The lentil salad and date-bacon purée can be prepared ahead (both don’t take all that much time to make), so they’re ready and plated when you’re slicing the seared duck breast. Trust me, the unexpected flavors of the purée heightens the total taste experience.

Ingredients

  • 3 slices applewood-smoked bacon, chopped
  • 2 tablespoons brandy
  • 1-½ cups pitted dates
  • 1 cup water
  • 1 cup lentils, any variety
  • 4 smashed garlic cloves
  • 2 bay leaves
  • 4 tablespoons extra virgin olive oil
  • 1 carrot, peeled, finely diced
  • 1 celery rib, finely diced
  • 1 large shallot, minced
  • 2 tablespoons light balsamic vinegar
  • 3 1-pound duck breasts, skin on
  • Kosher salt and fresh ground pepper
  • ½ cup chicken broth, home-made or packaged (not canned)

Directions

1.   Heat a medium sauté pan over medium heat, and add the bacon, browning until crisp. Deglaze the pan with the brandy, scraping up any browned bits. Add the dates and water, and lower the heat, simmering 10 minutes, until the dates are very soft. Transfer the contents of the pan to a blender or food processor, and purée, dribbling in water, if it gets too thick. Season with salt and pepper, and set aside.

2.   Combine the lentils, garlic, bay leaves and 4 cups of water in a saucepan.

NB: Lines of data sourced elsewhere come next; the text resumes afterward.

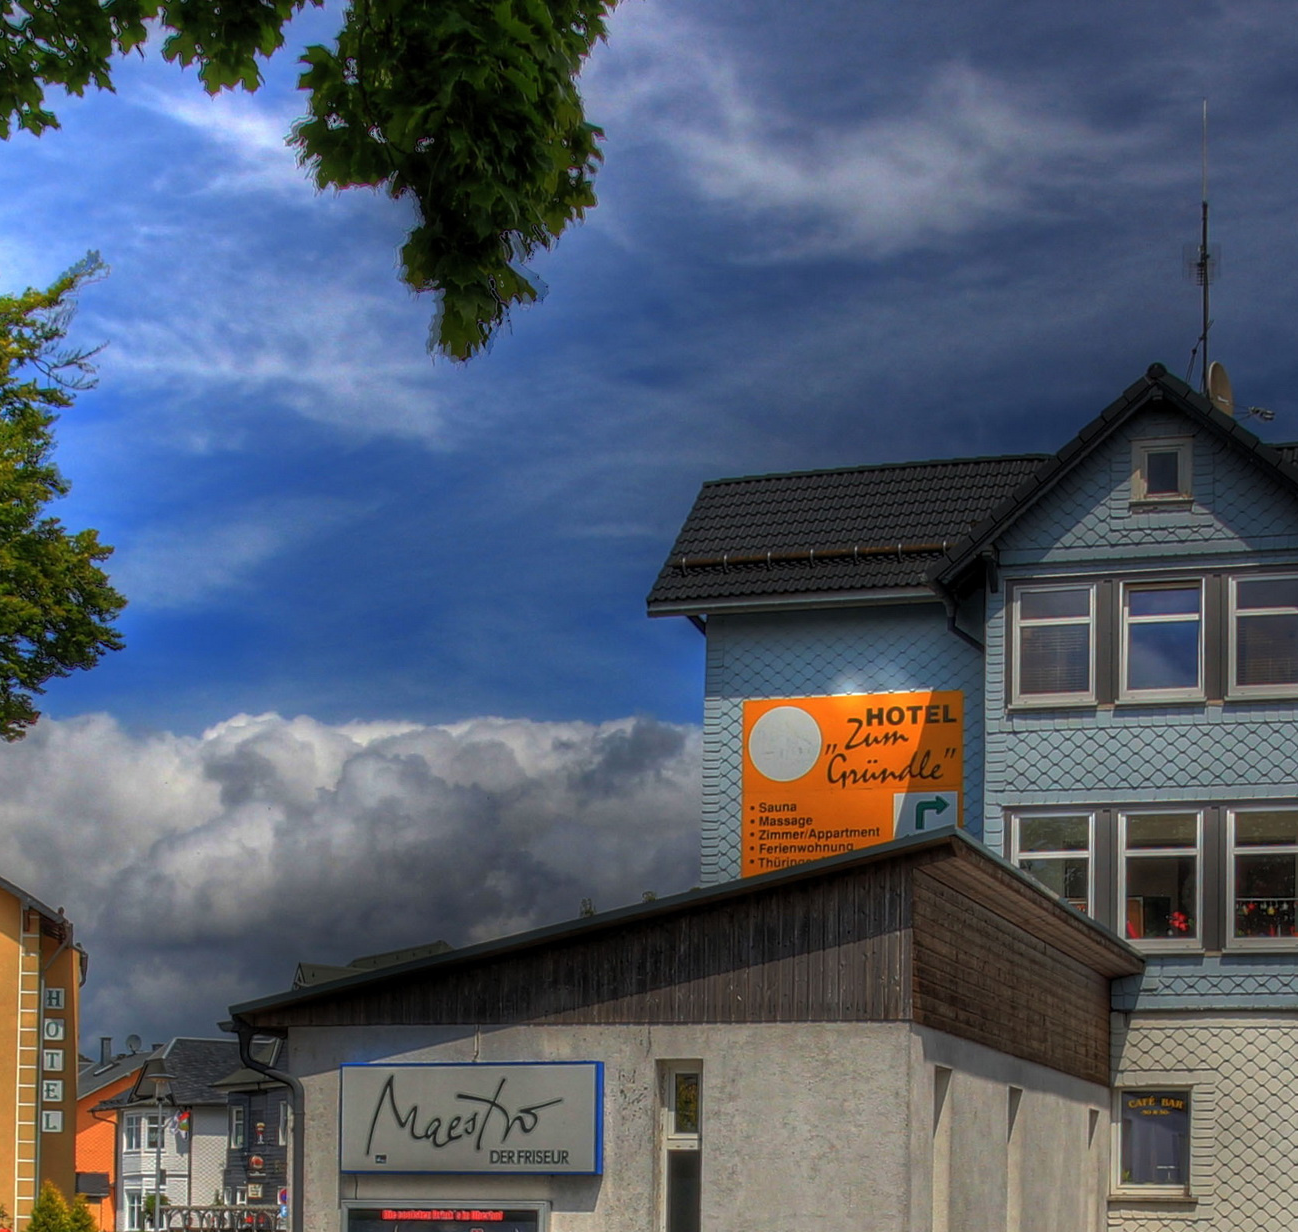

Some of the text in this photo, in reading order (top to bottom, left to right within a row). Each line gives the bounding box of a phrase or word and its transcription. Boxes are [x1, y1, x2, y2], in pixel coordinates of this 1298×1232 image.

[866, 704, 957, 727] HOTEL
[759, 802, 797, 813] Sauna
[759, 816, 813, 828] Massage
[759, 827, 880, 841] Zimmer/Appartment
[759, 842, 854, 854] Ferienwohnung
[44, 989, 63, 1131] HOTEL
[1161, 1097, 1184, 1110] BAR
[366, 1074, 564, 1156] Maestro
[490, 1150, 569, 1165] DER FRISEUR
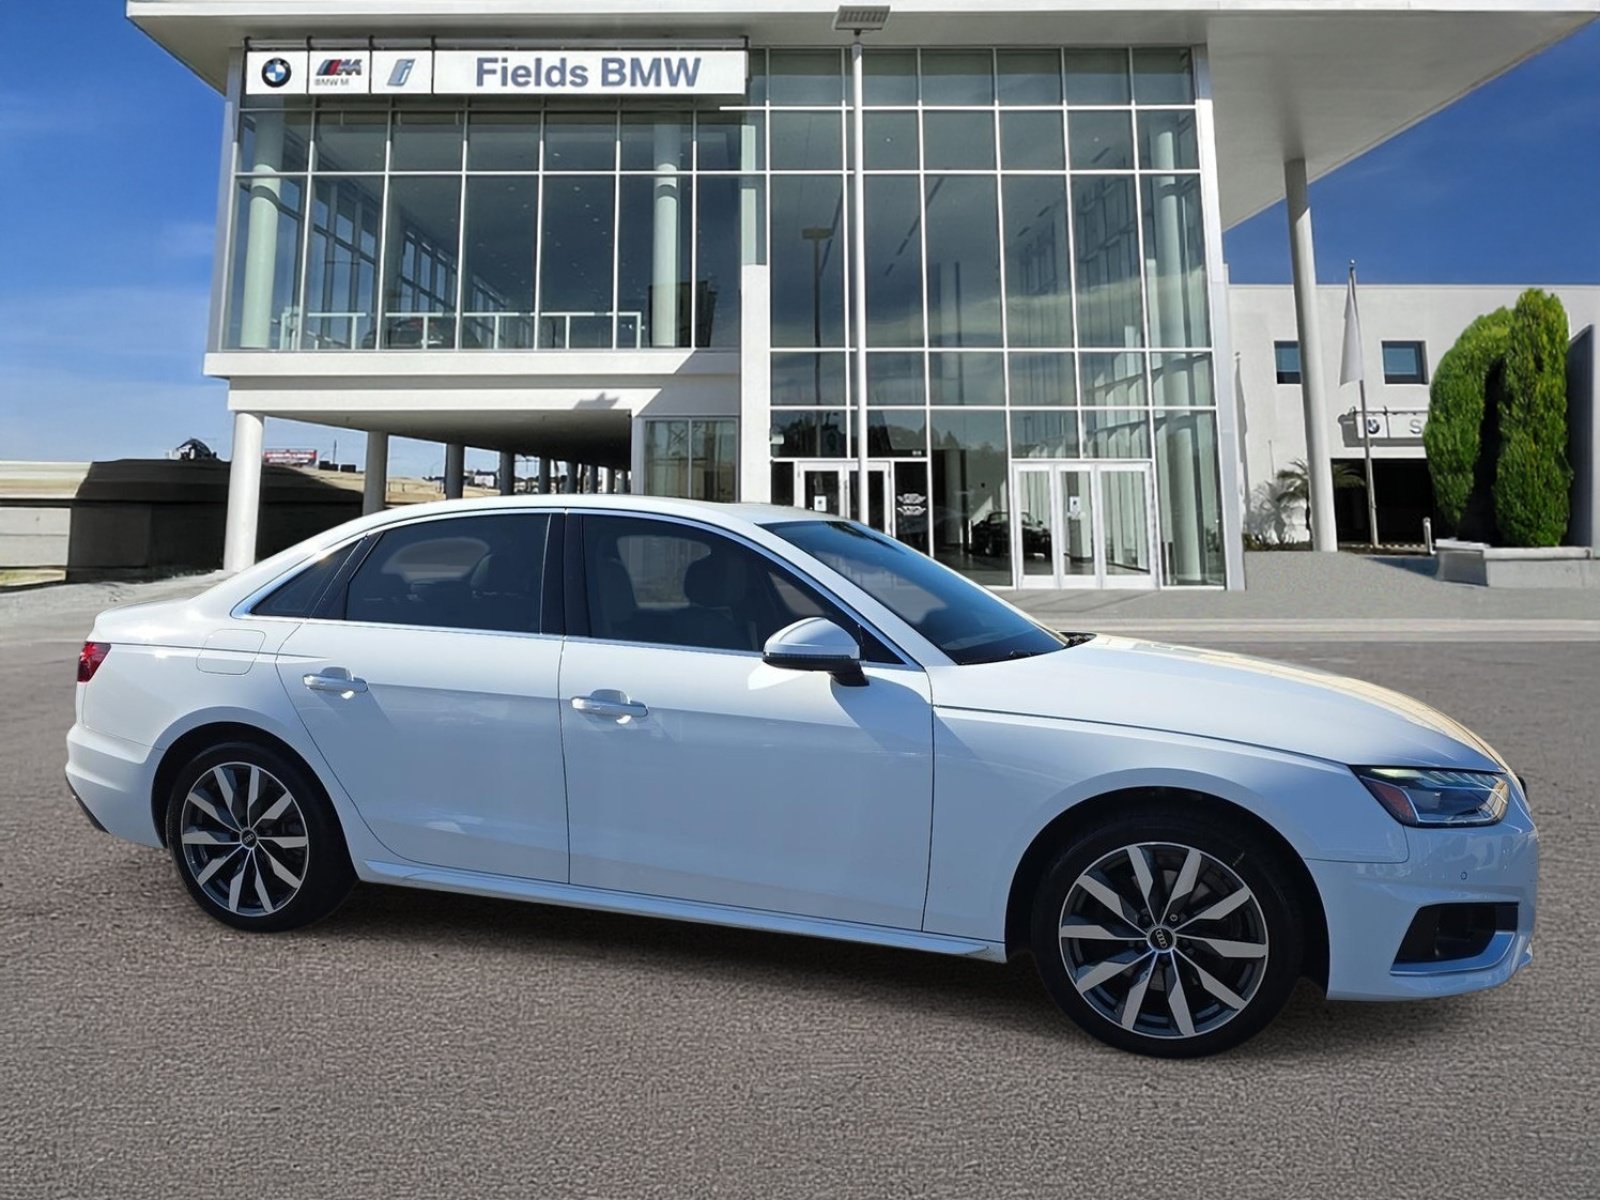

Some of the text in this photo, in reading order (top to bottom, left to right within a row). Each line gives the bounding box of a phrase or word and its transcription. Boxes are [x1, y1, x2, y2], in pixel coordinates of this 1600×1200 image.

[315, 78, 338, 86] BMW
[476, 57, 702, 88] Fields BMW

Bring to a boil, then lower heat and cover, simmering 15 minutes, or until lentils are tender but not mushy. Drain the lentils and rinse under cool water. Pick out the garlic and bay leaves and discard. Transfer the lentils to a mixing bowl.

3.   Heat 1 tablespoon olive oil in the sauté pan over medium heat. Add the diced carrot, celery and all but 1-½ tablespoons of the shallot, and sauté 4 minutes. Combine with the lentils and toss with the light balsamic vinegar. Taste for seasoning, add salt and pepper, if desired.

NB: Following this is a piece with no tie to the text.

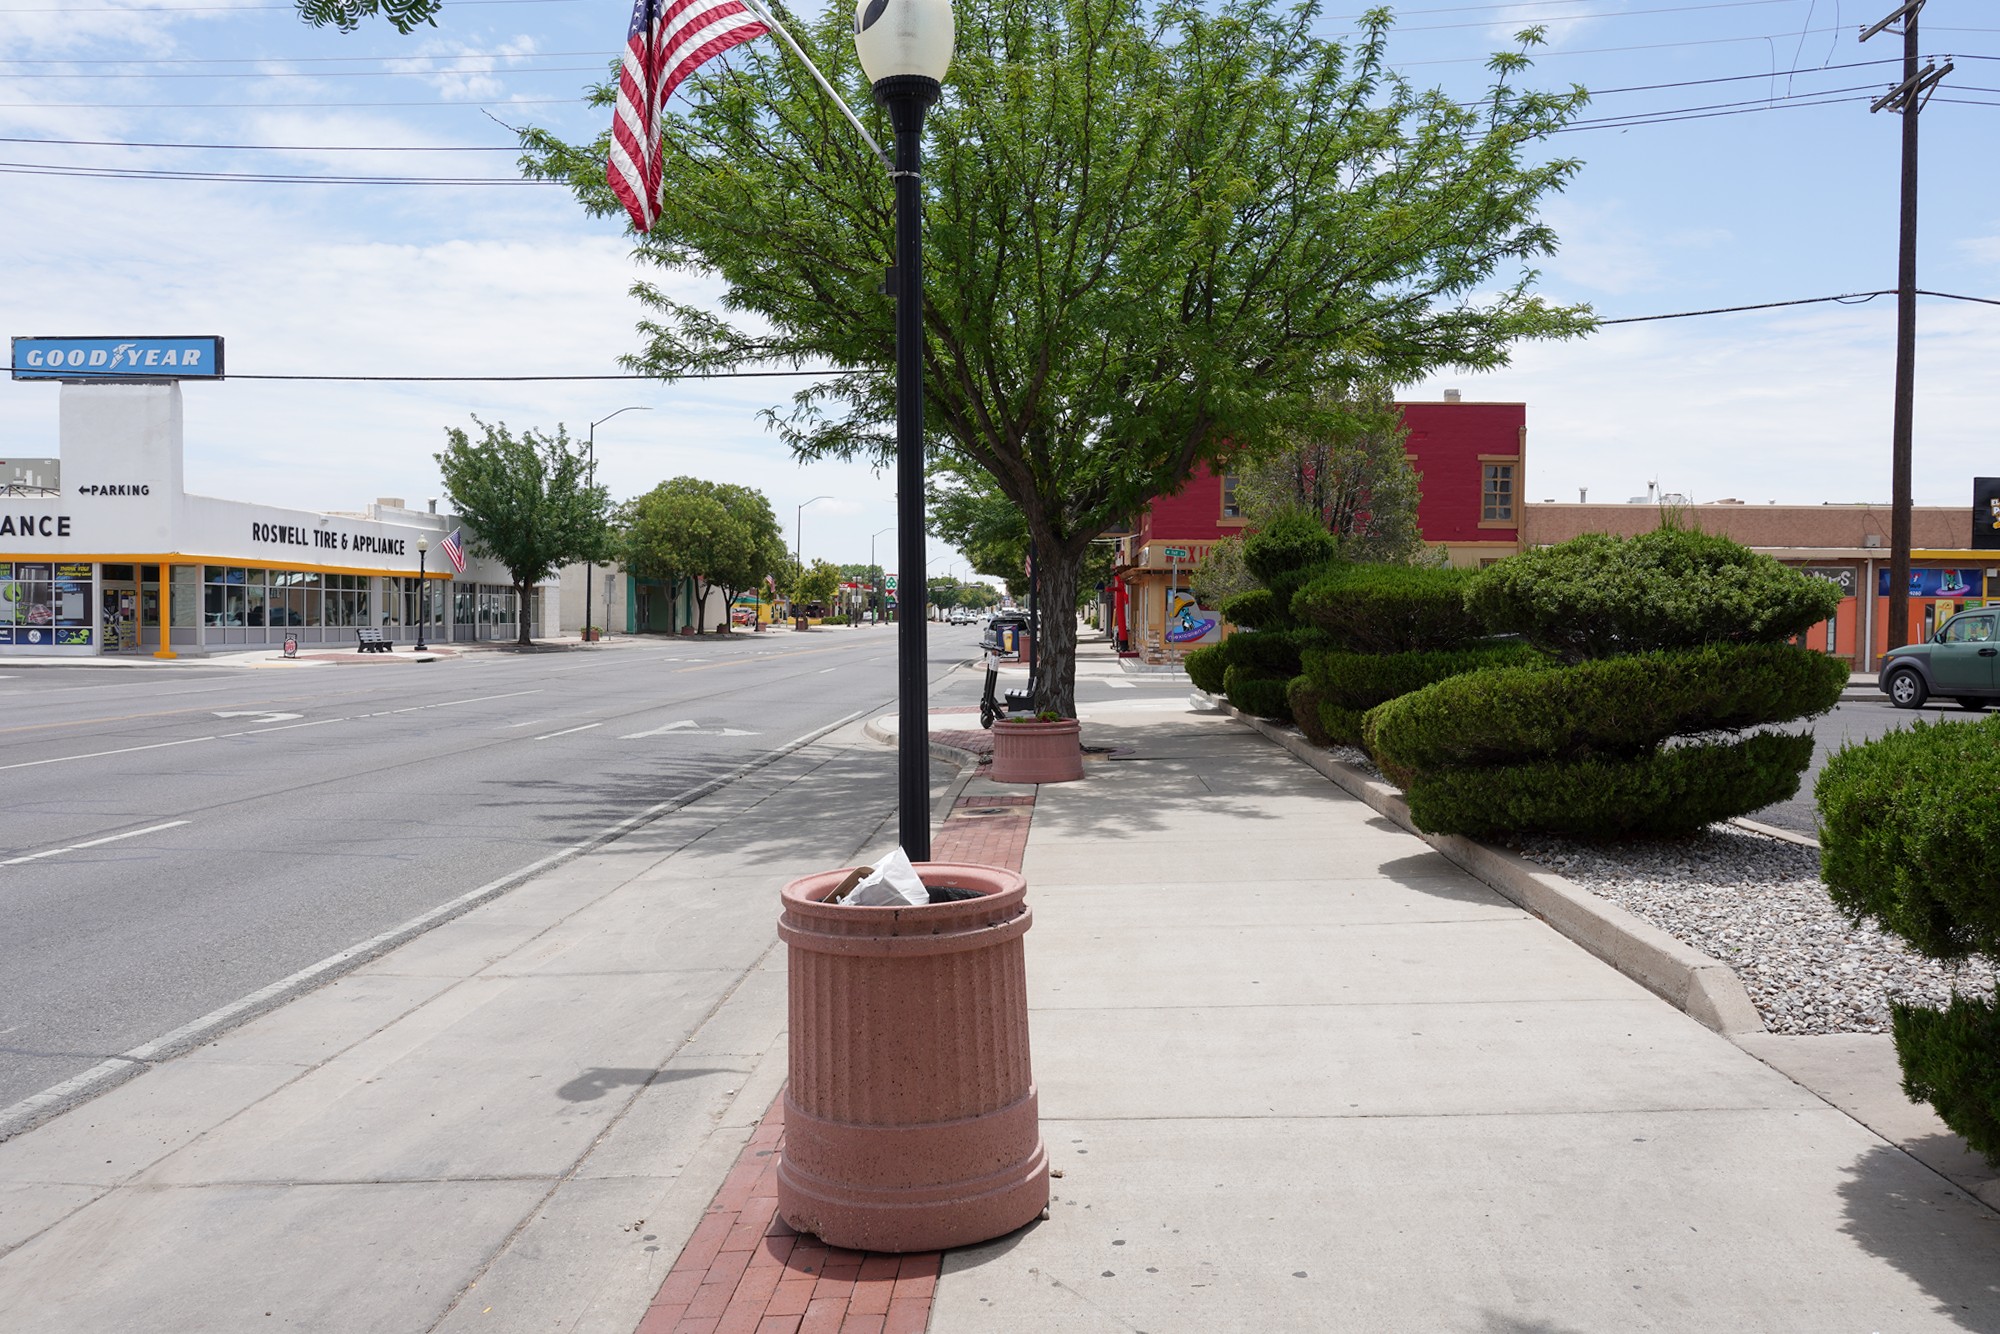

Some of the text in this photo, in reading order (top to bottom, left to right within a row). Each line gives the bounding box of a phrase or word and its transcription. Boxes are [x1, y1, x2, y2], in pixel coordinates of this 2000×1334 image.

[91, 485, 150, 496] PARKING
[0, 515, 71, 537] ANCE
[252, 522, 405, 556] ROSWELL TIRE & APPLIANCE

4.   Using a sharp paring knife, score the duck skin in a cross-hatch pattern without piercing the flesh. Sprinkle with Kosher salt and pepper.

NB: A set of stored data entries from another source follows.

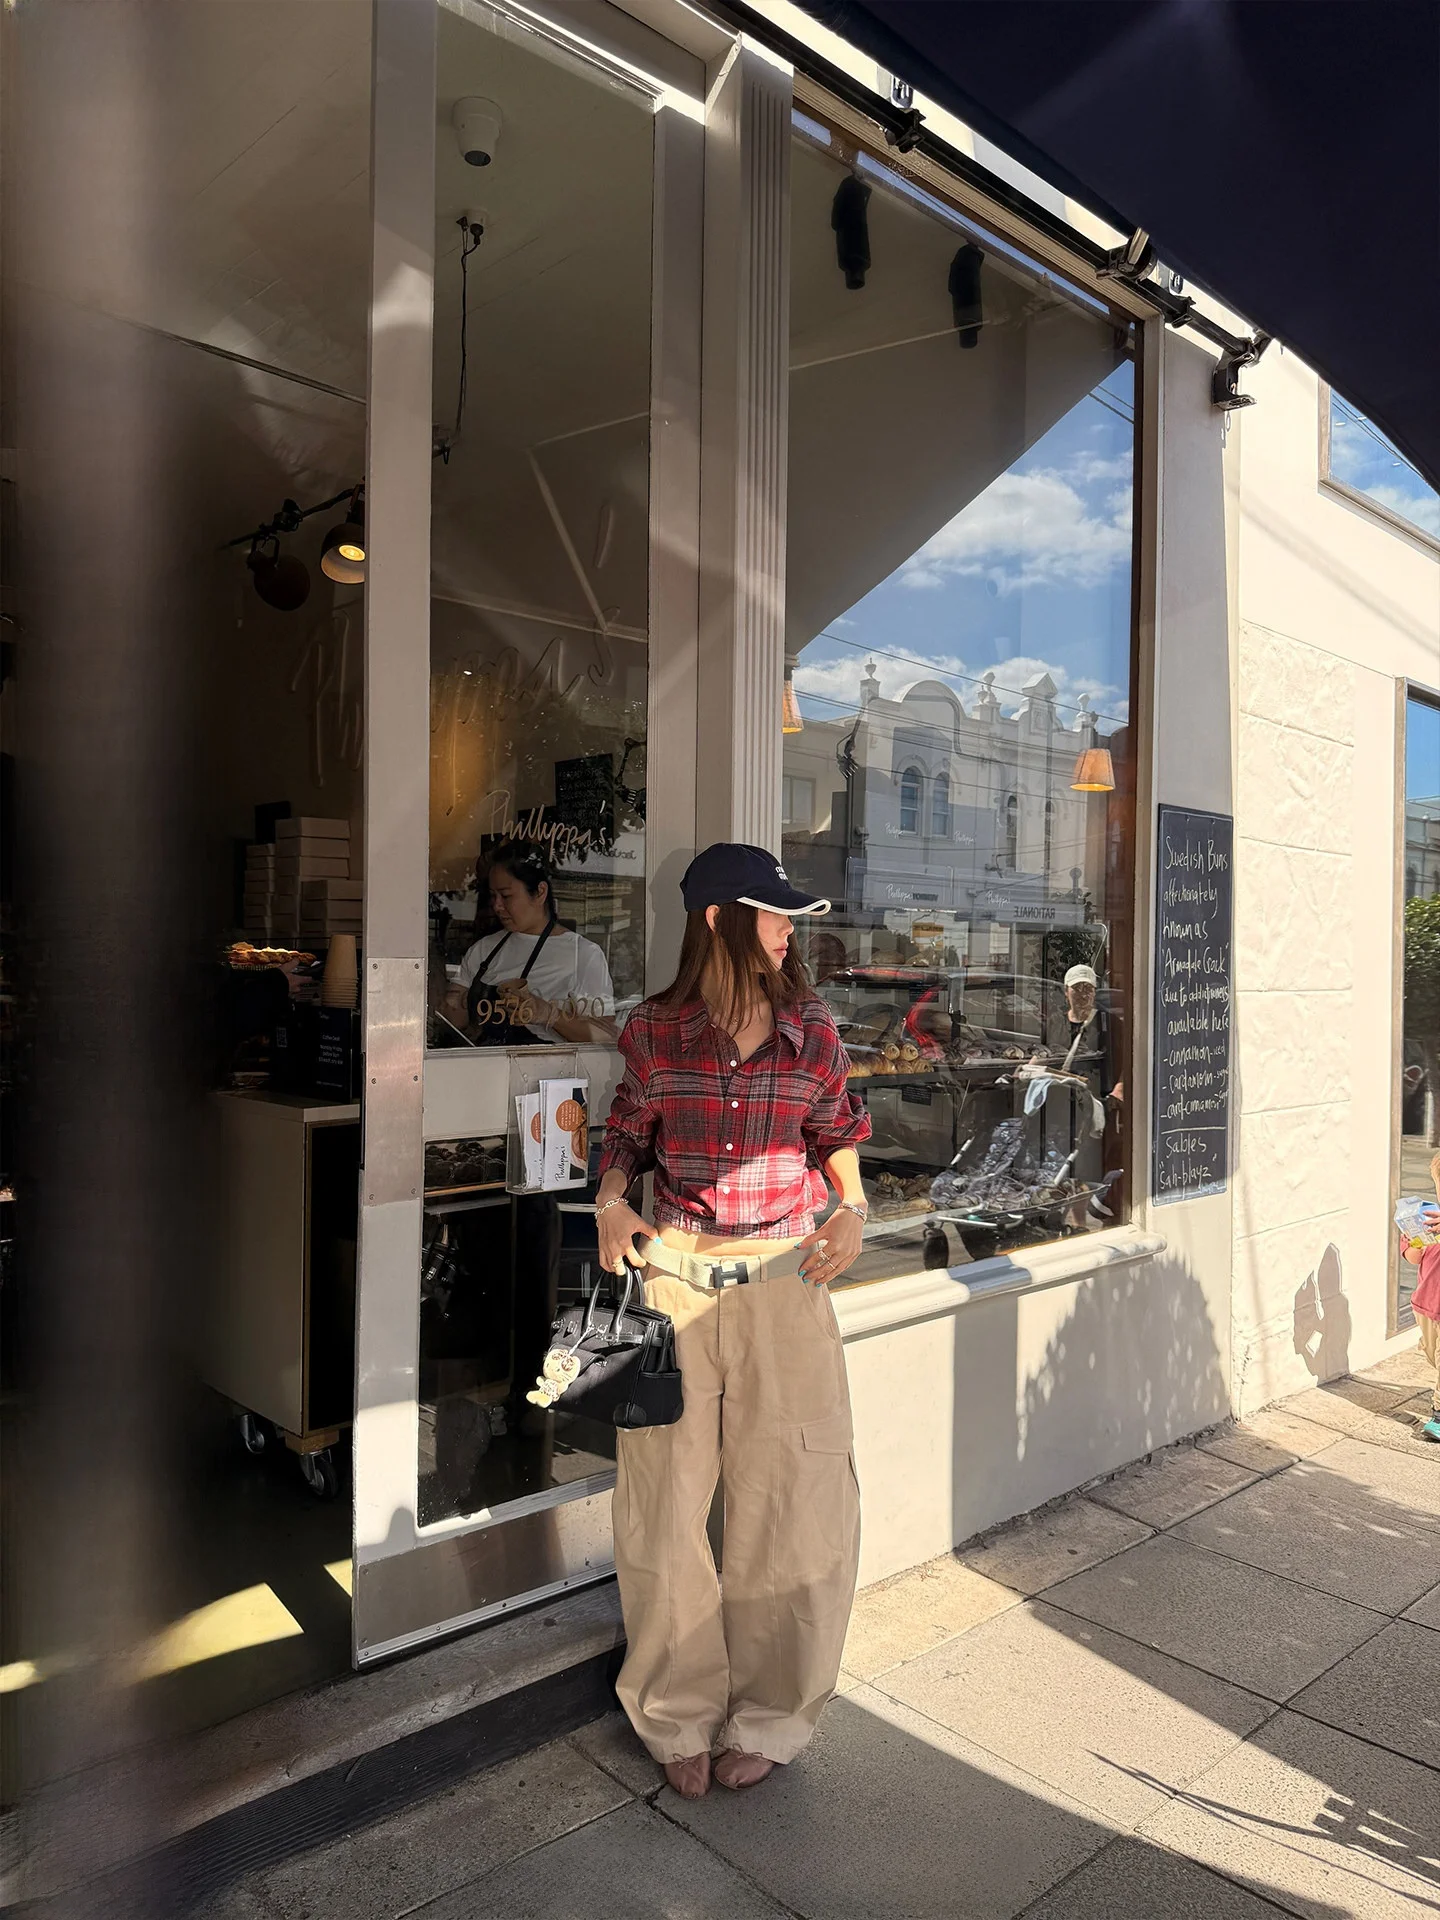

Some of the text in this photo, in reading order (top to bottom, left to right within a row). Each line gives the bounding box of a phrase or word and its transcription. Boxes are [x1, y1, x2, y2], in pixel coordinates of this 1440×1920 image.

[1165, 836, 1229, 875] Swedish Buns
[1163, 877, 1218, 919] affectionately
[1194, 920, 1209, 940] as
[1179, 981, 1188, 1007] to
[476, 997, 535, 1026] 9576
[1168, 1007, 1229, 1036] available here
[1166, 1132, 1207, 1159] Sables

5.   Heat a large skillet (or 1 medium skillet and 1 small skillet) over medium-high heat. Add the duck breasts, skin-side down, and cook 8 minutes, as the fat renders and the skin crisps deep golden-brown. Turn the duck breasts over and cook an additional 6 minutes. Flip the duck breasts over, cook 1 additional minute, then transfer to a cutting board and let rest 10 minutes. (Step-by-step tutorial for how to cook duck breast.)

6.   Spoon 2 or 3 tablespoons of the date-bacon purée on 6 plates. Apportion the lentils on top of the purée.

7.   Pour the rendered duck fat into a bowl and reserve for a later use. Over medium heat, sauté the reserved minced shallot until just starting to brown. Add the chicken broth, and bring to a boil 2 minutes, then take off the heat.

8.   Slice the duck breasts into ½-inch slices and arrange on top of the lentils. Whisk any collected juices into the shallot-chicken broth sauce, then spoon a bit of sauce over the duck, and serve.